If `vecA,vecB,vecC` are three vectors respectively given by `2hati+hatk, hati+hatj+hatk and 4hati-3hatj+7hatk, ` then the vector `vecR` which satisfies the relations `vecRxxvecB=vecCxxvecB and vecR.vecA=0` is (A) `2hati-8hatj+2hatk` (B) `hati-4hatj+2hatk` (C) `-hati-8hatj+2hatk` (D) none of these

To solve the problem, we need to find the vector \(\vec{R}\) that satisfies the conditions \(\vec{R} \times \vec{B} = \vec{C} \times \vec{B}\) and \(\vec{R} \cdot \vec{A} = 0\).

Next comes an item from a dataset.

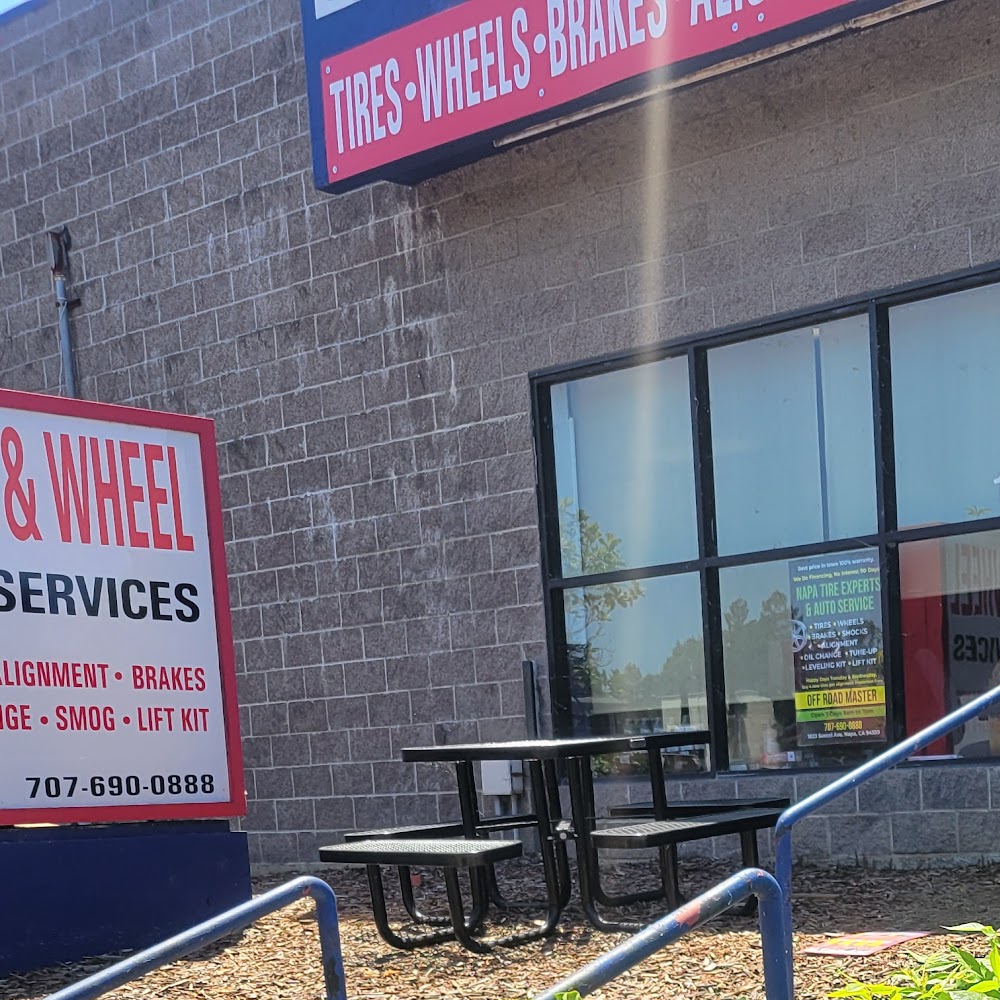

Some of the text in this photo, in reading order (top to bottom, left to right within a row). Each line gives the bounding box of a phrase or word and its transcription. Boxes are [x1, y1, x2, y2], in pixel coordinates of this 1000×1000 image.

Let's break this down step by step. ### Step 1: Define the vectors Given: - \(\vec{A} = 2\hat{i} + \hat{k}\) - \(\vec{B} = \hat{i} + \hat{j} + \hat{k}\) - \(\vec{C} = 4\hat{i} - 3\hat{j} + 7\hat{k}\) ### Step 2: Find \(\vec{R}\) in terms of components Let \(\vec{R} = x\hat{i} + y\hat{j} + z\hat{k}\). ### Step 3: Use the condition \(\vec{R} \cdot \vec{A} = 0\) Calculate the dot product: \[ \vec{R} \cdot \vec{A} = (x\hat{i} + y\hat{j} + z\hat{k}) \cdot (2\hat{i} + \hat{k}) = 2x + z = 0 \] This gives us our first equation: \[ z = -2x \quad \text{(1)} \] ### Step 4: Find \(\vec{C} \times \vec{B}\) Now we need to calculate \(\vec{C} \times \vec{B}\): \[ \vec{C} \times \vec{B} = \begin{vmatrix} \hat{i} & \hat{j} & \hat{k} \\ 4 & -3 & 7 \\ 1 & 1 & 1 \end{vmatrix} \] Calculating the determinant: \[ = \hat{i}((-3)(1) - (7)(1)) - \hat{j}((4)(1) - (7)(1)) + \hat{k}((4)(1) - (-3)(1)) \] \[ = \hat{i}(-3 - 7) - \hat{j}(4 - 7) + \hat{k}(4 + 3) \] \[ = -10\hat{i} + 3\hat{j} + 7\hat{k} \] ### Step 5: Use the condition \(\vec{R} \times \vec{B} = \vec{C} \times \vec{B}\) Now we need to compute \(\vec{R} \times \vec{B}\): \[ \vec{R} \times \vec{B} = \begin{vmatrix} \hat{i} & \hat{j} & \hat{k} \\ x & y & z \\ 1 & 1 & 1 \end{vmatrix} \] Calculating the determinant: \[ = \hat{i}(y(1) - z(1)) - \hat{j}(x(1) - z(1)) + \hat{k}(x(1) - y(1)) \] \[ = (y - z)\hat{i} - (x - z)\hat{j} + (x - y)\hat{k} \] ### Step 6: Set the components equal to \(\vec{C} \times \vec{B}\) Equating the components: 1. \(y - z = -10\) \quad (2) 2. \(- (x - z) = 3 \implies x - z = -3 \quad (3)\) 3. \(x - y = 7 \quad (4)\) ### Step 7: Substitute \(z\) from equation (1) into equations (2), (3), and (4) Substituting \(z = -2x\) into equations (2), (3), and (4): 1. \(y - (-2x) = -10 \implies y + 2x = -10 \quad (5)\) 2. \(x - (-2x) = -3 \implies 3x = -3 \implies x = -1 \quad (6)\) 3. \(x - y = 7 \quad (4)\) ### Step 8: Solve for \(y\) and \(z\) From equation (6): \[ x = -1 \] Substituting \(x = -1\) into equation (1): \[ z = -2(-1) = 2 \] Substituting \(x = -1\) into equation (4): \[ -1 - y = 7 \implies y = -8 \] ### Step 9: Write the final vector \(\vec{R}\) Thus, we have: \[ \vec{R} = -1\hat{i} - 8\hat{j} + 2\hat{k} \] ### Conclusion The vector \(\vec{R}\) is: \[ \vec{R} = -\hat{i} - 8\hat{j} + 2\hat{k} \] This corresponds to option (C).